#### [REQUIRED WORK]
Please set down all of the data below verbatim.

━━ INPUT MATERIAL ━━

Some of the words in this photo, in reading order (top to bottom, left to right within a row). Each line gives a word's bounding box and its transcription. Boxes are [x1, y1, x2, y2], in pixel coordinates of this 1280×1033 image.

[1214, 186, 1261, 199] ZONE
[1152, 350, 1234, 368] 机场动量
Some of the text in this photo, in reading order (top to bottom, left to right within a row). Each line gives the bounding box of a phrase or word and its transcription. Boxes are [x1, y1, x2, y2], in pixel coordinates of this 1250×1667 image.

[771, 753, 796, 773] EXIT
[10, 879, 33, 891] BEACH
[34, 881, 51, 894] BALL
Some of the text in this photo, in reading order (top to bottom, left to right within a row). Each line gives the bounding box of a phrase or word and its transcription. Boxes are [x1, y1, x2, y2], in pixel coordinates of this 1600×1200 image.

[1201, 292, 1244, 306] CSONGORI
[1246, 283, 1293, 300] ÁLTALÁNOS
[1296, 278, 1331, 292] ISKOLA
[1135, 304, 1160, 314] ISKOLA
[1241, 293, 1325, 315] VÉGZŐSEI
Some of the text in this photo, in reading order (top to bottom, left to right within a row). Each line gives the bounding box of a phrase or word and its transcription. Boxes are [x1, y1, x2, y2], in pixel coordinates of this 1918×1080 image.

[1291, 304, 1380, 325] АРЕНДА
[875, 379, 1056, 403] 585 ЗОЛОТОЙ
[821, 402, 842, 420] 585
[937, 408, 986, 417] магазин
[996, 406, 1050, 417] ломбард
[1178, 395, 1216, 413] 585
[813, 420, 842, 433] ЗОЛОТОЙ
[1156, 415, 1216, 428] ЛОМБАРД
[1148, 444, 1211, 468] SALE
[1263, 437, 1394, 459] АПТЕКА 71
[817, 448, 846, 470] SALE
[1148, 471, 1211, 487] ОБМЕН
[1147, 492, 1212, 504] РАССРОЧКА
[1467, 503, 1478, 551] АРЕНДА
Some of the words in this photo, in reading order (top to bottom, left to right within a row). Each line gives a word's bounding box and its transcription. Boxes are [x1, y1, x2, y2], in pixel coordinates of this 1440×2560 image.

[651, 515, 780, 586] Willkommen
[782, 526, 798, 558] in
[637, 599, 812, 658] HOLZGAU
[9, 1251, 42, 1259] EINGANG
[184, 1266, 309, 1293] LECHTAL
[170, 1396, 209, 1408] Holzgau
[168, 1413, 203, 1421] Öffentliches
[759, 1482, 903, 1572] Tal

━━━

#### [OUTPUT]
Some of the words in this photo, in reading order (top to bottom, left to right within a row). Each line gives a word's bounding box and its transcription. Boxes are [x1, y1, x2, y2], in pixel coordinates of this 1280×1033 image.

[1214, 186, 1261, 199] ZONE
[1152, 350, 1234, 368] 机场动量
Some of the text in this photo, in reading order (top to bottom, left to right within a row). Each line gives the bounding box of a phrase or word and its transcription. Boxes are [x1, y1, x2, y2], in pixel coordinates of this 1250×1667 image.

[771, 753, 796, 773] EXIT
[10, 879, 33, 891] BEACH
[34, 881, 51, 894] BALL
Some of the text in this photo, in reading order (top to bottom, left to right within a row). Each line gives the bounding box of a phrase or word and its transcription. Boxes are [x1, y1, x2, y2], in pixel coordinates of this 1600×1200 image.

[1201, 292, 1244, 306] CSONGORI
[1246, 283, 1293, 300] ÁLTALÁNOS
[1296, 278, 1331, 292] ISKOLA
[1135, 304, 1160, 314] ISKOLA
[1241, 293, 1325, 315] VÉGZŐSEI
Some of the text in this photo, in reading order (top to bottom, left to right within a row). Each line gives the bounding box of a phrase or word and its transcription. Boxes are [x1, y1, x2, y2], in pixel coordinates of this 1918×1080 image.

[1291, 304, 1380, 325] АРЕНДА
[875, 379, 1056, 403] 585 ЗОЛОТОЙ
[821, 402, 842, 420] 585
[937, 408, 986, 417] магазин
[996, 406, 1050, 417] ломбард
[1178, 395, 1216, 413] 585
[813, 420, 842, 433] ЗОЛОТОЙ
[1156, 415, 1216, 428] ЛОМБАРД
[1148, 444, 1211, 468] SALE
[1263, 437, 1394, 459] АПТЕКА 71
[817, 448, 846, 470] SALE
[1148, 471, 1211, 487] ОБМЕН
[1147, 492, 1212, 504] РАССРОЧКА
[1467, 503, 1478, 551] АРЕНДА
Some of the words in this photo, in reading order (top to bottom, left to right within a row). Each line gives a word's bounding box and its transcription. Boxes are [x1, y1, x2, y2], in pixel coordinates of this 1440×2560 image.

[651, 515, 780, 586] Willkommen
[782, 526, 798, 558] in
[637, 599, 812, 658] HOLZGAU
[9, 1251, 42, 1259] EINGANG
[184, 1266, 309, 1293] LECHTAL
[170, 1396, 209, 1408] Holzgau
[168, 1413, 203, 1421] Öffentliches
[759, 1482, 903, 1572] Tal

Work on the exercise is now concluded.